(Source data Opens)
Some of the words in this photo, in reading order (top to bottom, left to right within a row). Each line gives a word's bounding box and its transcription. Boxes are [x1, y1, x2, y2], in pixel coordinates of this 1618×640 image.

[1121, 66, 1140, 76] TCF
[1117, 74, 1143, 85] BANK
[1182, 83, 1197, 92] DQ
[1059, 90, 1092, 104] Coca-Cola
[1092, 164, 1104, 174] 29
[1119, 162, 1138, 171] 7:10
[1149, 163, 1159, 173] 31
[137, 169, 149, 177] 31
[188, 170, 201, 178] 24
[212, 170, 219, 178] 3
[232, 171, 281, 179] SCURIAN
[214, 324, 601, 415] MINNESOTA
(Source data Closes)
**Your instructions**
All the entries above should come back exactly as they are written.

**Finished task**
Some of the words in this photo, in reading order (top to bottom, left to right within a row). Each line gives a word's bounding box and its transcription. Boxes are [x1, y1, x2, y2], in pixel coordinates of this 1618×640 image.

[1121, 66, 1140, 76] TCF
[1117, 74, 1143, 85] BANK
[1182, 83, 1197, 92] DQ
[1059, 90, 1092, 104] Coca-Cola
[1092, 164, 1104, 174] 29
[1119, 162, 1138, 171] 7:10
[1149, 163, 1159, 173] 31
[137, 169, 149, 177] 31
[188, 170, 201, 178] 24
[212, 170, 219, 178] 3
[232, 171, 281, 179] SCURIAN
[214, 324, 601, 415] MINNESOTA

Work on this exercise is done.